## Collection entries
[Start of Attachment]

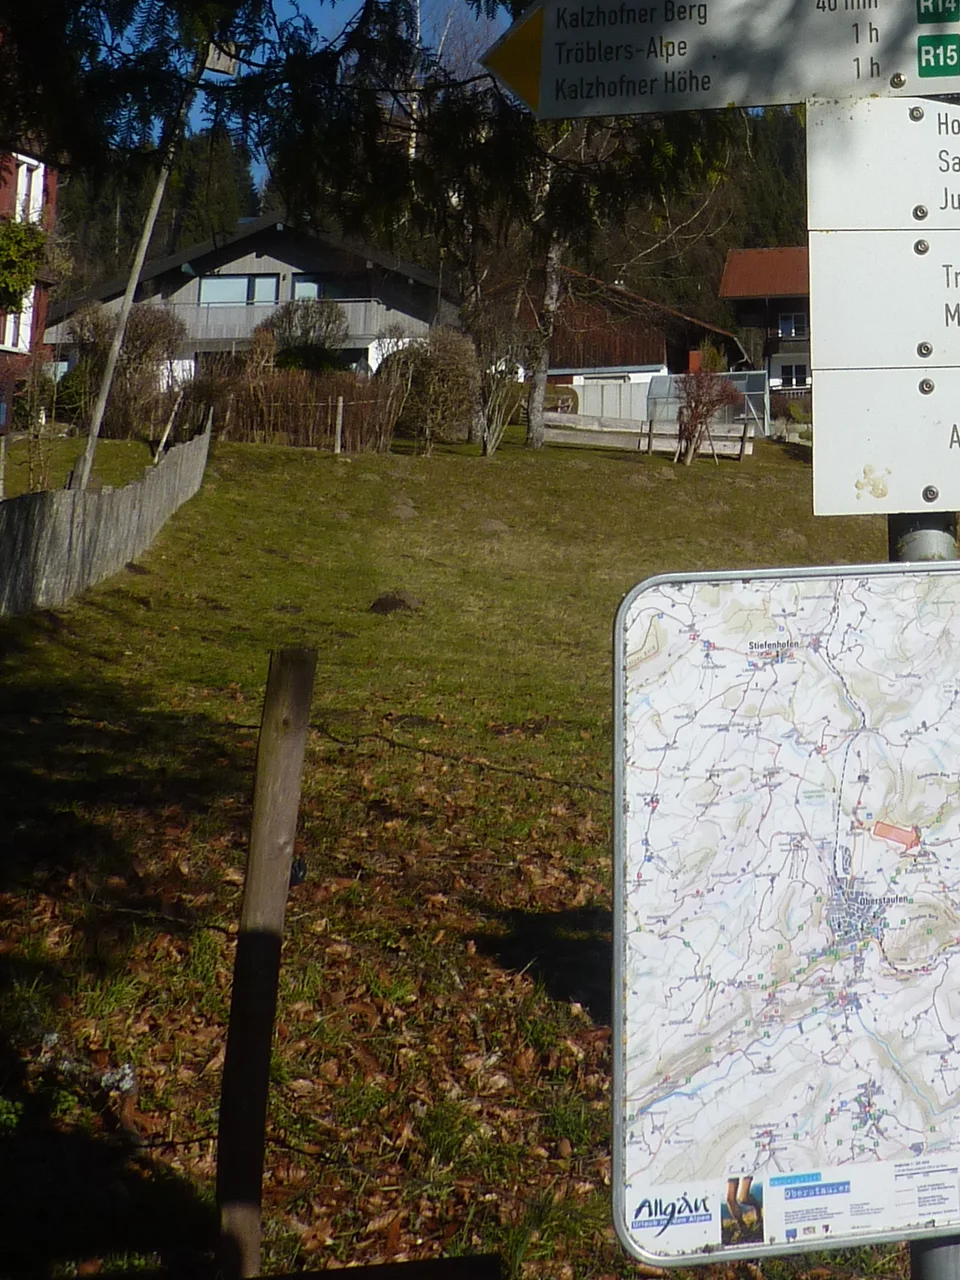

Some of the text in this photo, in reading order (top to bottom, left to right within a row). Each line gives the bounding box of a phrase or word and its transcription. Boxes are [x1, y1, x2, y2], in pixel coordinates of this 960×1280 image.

[556, 0, 708, 29] Kalzhofner Berg
[555, 36, 688, 65] Tröblers-Alpe
[920, 44, 958, 68] R15
[555, 71, 711, 101] Kalzhofner Höhe
[749, 640, 799, 650] Stiefenhofen
[859, 894, 909, 906] Oberstaufen
[634, 1191, 710, 1238] Allgäu
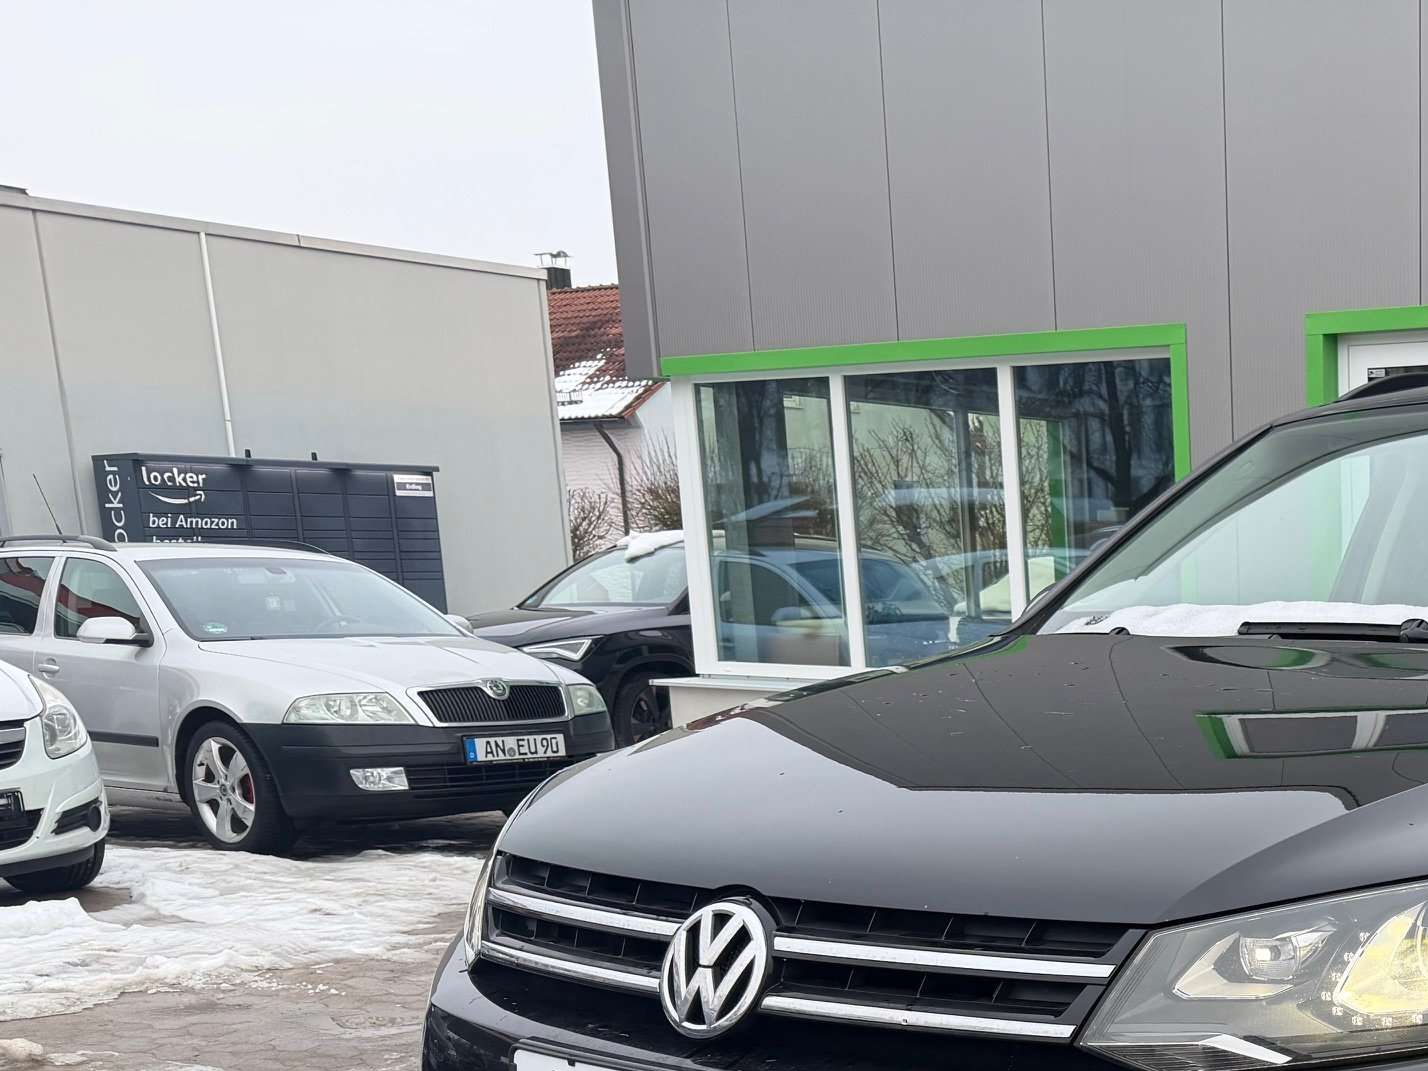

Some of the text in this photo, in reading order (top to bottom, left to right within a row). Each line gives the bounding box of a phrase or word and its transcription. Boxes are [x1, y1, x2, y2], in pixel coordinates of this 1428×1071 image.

[141, 466, 207, 487] locker
[149, 513, 237, 529] bei Amazon
[485, 739, 506, 758] AN
[516, 738, 538, 756] EU

[End of Attachment]

## YOUR OBJECTIVE
From the line containing "this 1428×1071 image." to the last line of the records above, please write out every line exactly and add nothing.

## OUTPUT FOR THIS TASK
Some of the text in this photo, in reading order (top to bottom, left to right within a row). Each line gives the bounding box of a phrase or word and its transcription. Boxes are [x1, y1, x2, y2], in pixel coordinates of this 1428×1071 image.

[141, 466, 207, 487] locker
[149, 513, 237, 529] bei Amazon
[485, 739, 506, 758] AN
[516, 738, 538, 756] EU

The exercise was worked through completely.